Honestly, that was the biggest honor that I have ever achieved. Winning showmanship was an awesome feeling, but Herdsman is what I have been shooting for, for a long time. My family started from the ground up with our herd and this year everything I took to Junior National was out of our cows and bulls. When you raise your own cattle and still compete with all the calves that are top of the line that makes you feel good. We don’t win every time but to be right there with them is an awesome feeling.
This summer you accomplished a lot of your goals, what is in store next?
This fall we are going to have our second Internet sale with 25 heifer prospects. Our herd is already known for good momma cows and now I want us to be known for also having really good show cattle. In 5-6 years I hope to have an annual production sale.
I would also really love to win a national show with a heifer or bull we have raised. We have won 15 divisions at the National Western Stock Show, and the judge has even said over the mic that we had the third best heifer in the Grand Drive but we have never won it all.
Your family has used Sure Champ for a long time, what difference has it made in your show cattle?

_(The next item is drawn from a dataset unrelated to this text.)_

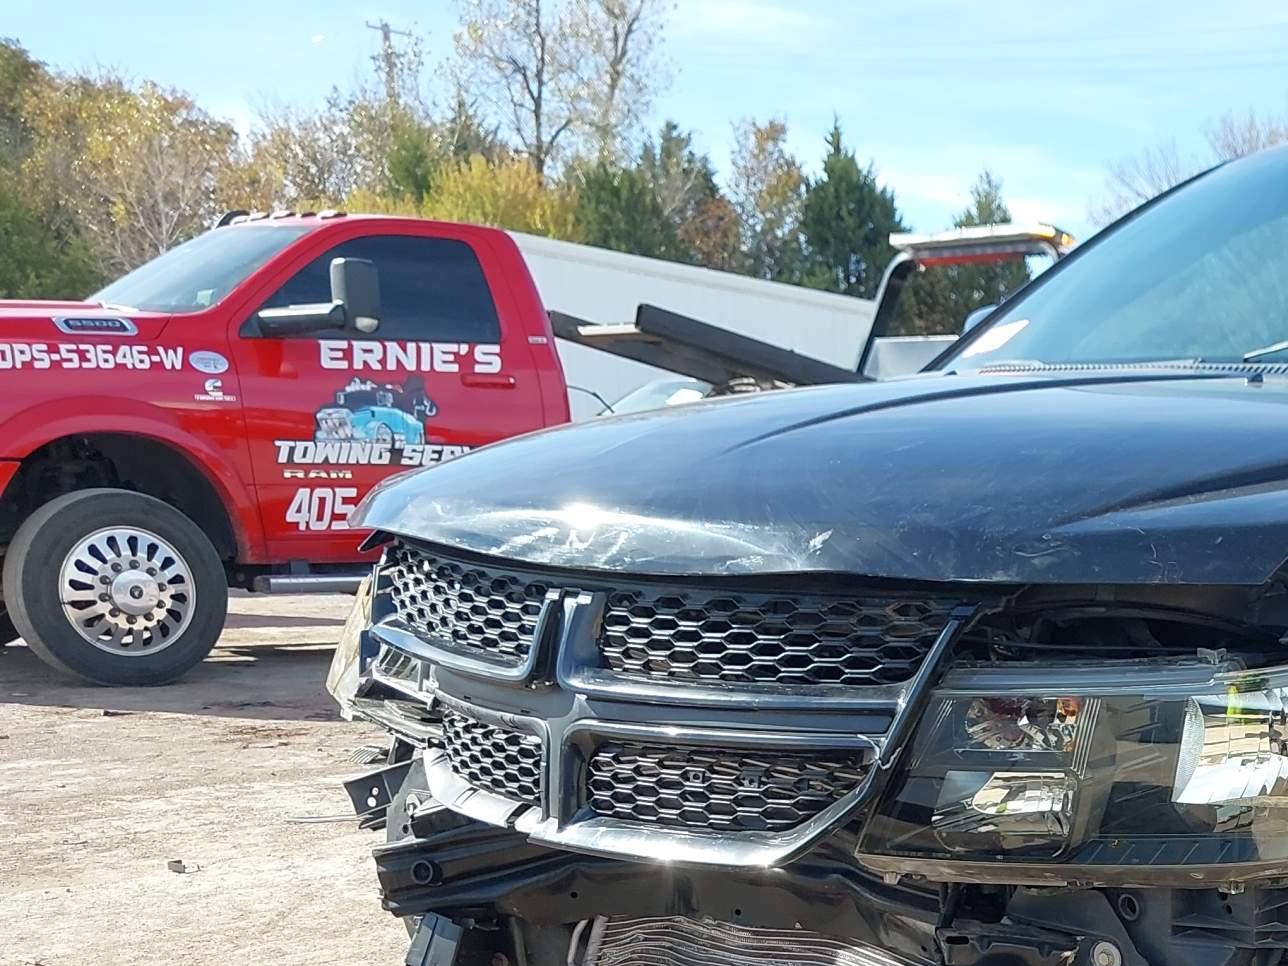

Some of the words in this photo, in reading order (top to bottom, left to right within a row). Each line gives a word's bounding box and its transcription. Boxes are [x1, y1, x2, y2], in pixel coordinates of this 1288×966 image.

Sure Champ has done wonders for us. We started using it about eight years ago and haven’t stopped to this day. I feel that Sure Champ gives them the bloom they need for the showring, as well as keeps them on feed more consistently. From weaning to bred heifers to showing three-year-old bulls I feel like there isn’t a better supplement on the market.
What is one piece of advice you can give to juniors?
Have fun. I am extremely competitive and sometime I forgot about having fun. It isn’t all about winning. It is about hanging out with your friends and family. Each show we go to is like a family vacation for us. You should be going to cattle shows to compete, but also to enjoy it.